> [Supplied data]:
■ ■ ■ ■
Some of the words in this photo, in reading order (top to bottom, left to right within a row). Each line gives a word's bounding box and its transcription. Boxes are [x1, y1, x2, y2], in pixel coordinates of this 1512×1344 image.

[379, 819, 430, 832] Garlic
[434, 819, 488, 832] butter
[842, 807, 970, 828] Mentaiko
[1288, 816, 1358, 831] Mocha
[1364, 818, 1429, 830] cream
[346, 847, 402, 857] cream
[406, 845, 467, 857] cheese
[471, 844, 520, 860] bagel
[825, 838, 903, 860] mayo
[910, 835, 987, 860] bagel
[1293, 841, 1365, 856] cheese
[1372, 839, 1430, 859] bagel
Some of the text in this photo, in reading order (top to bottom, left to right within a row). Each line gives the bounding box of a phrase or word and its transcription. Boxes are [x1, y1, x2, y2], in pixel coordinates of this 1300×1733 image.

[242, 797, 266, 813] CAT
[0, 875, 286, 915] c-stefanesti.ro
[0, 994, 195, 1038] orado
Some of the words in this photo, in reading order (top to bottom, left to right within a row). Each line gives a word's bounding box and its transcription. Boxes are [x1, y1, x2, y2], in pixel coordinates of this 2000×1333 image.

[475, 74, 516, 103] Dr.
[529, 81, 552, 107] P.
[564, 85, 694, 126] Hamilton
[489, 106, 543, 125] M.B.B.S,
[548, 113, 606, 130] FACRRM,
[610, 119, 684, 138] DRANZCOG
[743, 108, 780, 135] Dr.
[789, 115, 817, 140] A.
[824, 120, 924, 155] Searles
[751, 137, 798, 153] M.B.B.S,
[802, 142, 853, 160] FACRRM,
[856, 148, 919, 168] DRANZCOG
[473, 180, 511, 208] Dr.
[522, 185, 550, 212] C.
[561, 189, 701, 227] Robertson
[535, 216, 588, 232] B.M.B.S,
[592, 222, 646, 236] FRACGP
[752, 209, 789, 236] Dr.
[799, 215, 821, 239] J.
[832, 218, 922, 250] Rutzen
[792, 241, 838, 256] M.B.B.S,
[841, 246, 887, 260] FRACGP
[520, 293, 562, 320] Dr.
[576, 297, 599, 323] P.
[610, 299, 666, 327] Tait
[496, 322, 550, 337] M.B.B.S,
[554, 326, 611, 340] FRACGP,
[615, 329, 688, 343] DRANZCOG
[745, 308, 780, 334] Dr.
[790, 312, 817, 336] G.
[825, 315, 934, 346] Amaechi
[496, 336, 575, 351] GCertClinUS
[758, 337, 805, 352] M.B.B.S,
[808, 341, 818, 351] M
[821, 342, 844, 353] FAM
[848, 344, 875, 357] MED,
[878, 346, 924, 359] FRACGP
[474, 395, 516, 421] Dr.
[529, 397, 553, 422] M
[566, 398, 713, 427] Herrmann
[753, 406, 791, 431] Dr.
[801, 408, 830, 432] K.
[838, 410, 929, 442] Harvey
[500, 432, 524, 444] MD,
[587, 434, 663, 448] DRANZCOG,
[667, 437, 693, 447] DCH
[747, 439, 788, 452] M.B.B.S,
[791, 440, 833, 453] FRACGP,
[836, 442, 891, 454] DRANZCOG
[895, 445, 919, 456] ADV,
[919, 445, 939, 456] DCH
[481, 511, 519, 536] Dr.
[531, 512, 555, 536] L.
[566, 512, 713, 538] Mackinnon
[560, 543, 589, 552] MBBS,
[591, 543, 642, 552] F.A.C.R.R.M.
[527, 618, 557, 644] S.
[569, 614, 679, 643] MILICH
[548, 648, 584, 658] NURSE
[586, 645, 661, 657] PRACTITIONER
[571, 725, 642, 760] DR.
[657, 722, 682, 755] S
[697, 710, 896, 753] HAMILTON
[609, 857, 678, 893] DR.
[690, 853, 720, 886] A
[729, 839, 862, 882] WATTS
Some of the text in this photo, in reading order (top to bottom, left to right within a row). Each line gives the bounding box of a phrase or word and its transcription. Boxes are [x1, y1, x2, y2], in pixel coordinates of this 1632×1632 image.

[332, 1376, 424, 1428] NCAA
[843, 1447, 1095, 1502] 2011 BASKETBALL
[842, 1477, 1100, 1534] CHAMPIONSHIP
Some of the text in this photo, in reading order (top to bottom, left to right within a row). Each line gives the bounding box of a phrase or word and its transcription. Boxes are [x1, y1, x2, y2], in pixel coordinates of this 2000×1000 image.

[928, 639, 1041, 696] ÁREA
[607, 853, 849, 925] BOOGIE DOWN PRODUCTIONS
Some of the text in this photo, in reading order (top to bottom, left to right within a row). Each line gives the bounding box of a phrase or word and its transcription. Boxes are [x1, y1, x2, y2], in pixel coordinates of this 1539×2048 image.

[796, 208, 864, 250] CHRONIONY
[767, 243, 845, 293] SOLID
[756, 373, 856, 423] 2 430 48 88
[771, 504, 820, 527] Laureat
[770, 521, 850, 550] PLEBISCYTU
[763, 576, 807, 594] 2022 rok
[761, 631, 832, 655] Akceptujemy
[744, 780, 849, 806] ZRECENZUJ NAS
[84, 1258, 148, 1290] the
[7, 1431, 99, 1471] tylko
■ ■ ■ ■
> [Aim of the exercise]: Transcribe the listing above exactly as shown.

> [Response to the exercise]:
Some of the words in this photo, in reading order (top to bottom, left to right within a row). Each line gives a word's bounding box and its transcription. Boxes are [x1, y1, x2, y2], in pixel coordinates of this 1512×1344 image.

[379, 819, 430, 832] Garlic
[434, 819, 488, 832] butter
[842, 807, 970, 828] Mentaiko
[1288, 816, 1358, 831] Mocha
[1364, 818, 1429, 830] cream
[346, 847, 402, 857] cream
[406, 845, 467, 857] cheese
[471, 844, 520, 860] bagel
[825, 838, 903, 860] mayo
[910, 835, 987, 860] bagel
[1293, 841, 1365, 856] cheese
[1372, 839, 1430, 859] bagel
Some of the text in this photo, in reading order (top to bottom, left to right within a row). Each line gives the bounding box of a phrase or word and its transcription. Boxes are [x1, y1, x2, y2], in pixel coordinates of this 1300×1733 image.

[242, 797, 266, 813] CAT
[0, 875, 286, 915] c-stefanesti.ro
[0, 994, 195, 1038] orado
Some of the words in this photo, in reading order (top to bottom, left to right within a row). Each line gives a word's bounding box and its transcription. Boxes are [x1, y1, x2, y2], in pixel coordinates of this 2000×1333 image.

[475, 74, 516, 103] Dr.
[529, 81, 552, 107] P.
[564, 85, 694, 126] Hamilton
[489, 106, 543, 125] M.B.B.S,
[548, 113, 606, 130] FACRRM,
[610, 119, 684, 138] DRANZCOG
[743, 108, 780, 135] Dr.
[789, 115, 817, 140] A.
[824, 120, 924, 155] Searles
[751, 137, 798, 153] M.B.B.S,
[802, 142, 853, 160] FACRRM,
[856, 148, 919, 168] DRANZCOG
[473, 180, 511, 208] Dr.
[522, 185, 550, 212] C.
[561, 189, 701, 227] Robertson
[535, 216, 588, 232] B.M.B.S,
[592, 222, 646, 236] FRACGP
[752, 209, 789, 236] Dr.
[799, 215, 821, 239] J.
[832, 218, 922, 250] Rutzen
[792, 241, 838, 256] M.B.B.S,
[841, 246, 887, 260] FRACGP
[520, 293, 562, 320] Dr.
[576, 297, 599, 323] P.
[610, 299, 666, 327] Tait
[496, 322, 550, 337] M.B.B.S,
[554, 326, 611, 340] FRACGP,
[615, 329, 688, 343] DRANZCOG
[745, 308, 780, 334] Dr.
[790, 312, 817, 336] G.
[825, 315, 934, 346] Amaechi
[496, 336, 575, 351] GCertClinUS
[758, 337, 805, 352] M.B.B.S,
[808, 341, 818, 351] M
[821, 342, 844, 353] FAM
[848, 344, 875, 357] MED,
[878, 346, 924, 359] FRACGP
[474, 395, 516, 421] Dr.
[529, 397, 553, 422] M
[566, 398, 713, 427] Herrmann
[753, 406, 791, 431] Dr.
[801, 408, 830, 432] K.
[838, 410, 929, 442] Harvey
[500, 432, 524, 444] MD,
[587, 434, 663, 448] DRANZCOG,
[667, 437, 693, 447] DCH
[747, 439, 788, 452] M.B.B.S,
[791, 440, 833, 453] FRACGP,
[836, 442, 891, 454] DRANZCOG
[895, 445, 919, 456] ADV,
[919, 445, 939, 456] DCH
[481, 511, 519, 536] Dr.
[531, 512, 555, 536] L.
[566, 512, 713, 538] Mackinnon
[560, 543, 589, 552] MBBS,
[591, 543, 642, 552] F.A.C.R.R.M.
[527, 618, 557, 644] S.
[569, 614, 679, 643] MILICH
[548, 648, 584, 658] NURSE
[586, 645, 661, 657] PRACTITIONER
[571, 725, 642, 760] DR.
[657, 722, 682, 755] S
[697, 710, 896, 753] HAMILTON
[609, 857, 678, 893] DR.
[690, 853, 720, 886] A
[729, 839, 862, 882] WATTS
Some of the text in this photo, in reading order (top to bottom, left to right within a row). Each line gives the bounding box of a phrase or word and its transcription. Boxes are [x1, y1, x2, y2], in pixel coordinates of this 1632×1632 image.

[332, 1376, 424, 1428] NCAA
[843, 1447, 1095, 1502] 2011 BASKETBALL
[842, 1477, 1100, 1534] CHAMPIONSHIP
Some of the text in this photo, in reading order (top to bottom, left to right within a row). Each line gives the bounding box of a phrase or word and its transcription. Boxes are [x1, y1, x2, y2], in pixel coordinates of this 2000×1000 image.

[928, 639, 1041, 696] ÁREA
[607, 853, 849, 925] BOOGIE DOWN PRODUCTIONS
Some of the text in this photo, in reading order (top to bottom, left to right within a row). Each line gives the bounding box of a phrase or word and its transcription. Boxes are [x1, y1, x2, y2], in pixel coordinates of this 1539×2048 image.

[796, 208, 864, 250] CHRONIONY
[767, 243, 845, 293] SOLID
[756, 373, 856, 423] 2 430 48 88
[771, 504, 820, 527] Laureat
[770, 521, 850, 550] PLEBISCYTU
[763, 576, 807, 594] 2022 rok
[761, 631, 832, 655] Akceptujemy
[744, 780, 849, 806] ZRECENZUJ NAS
[84, 1258, 148, 1290] the
[7, 1431, 99, 1471] tylko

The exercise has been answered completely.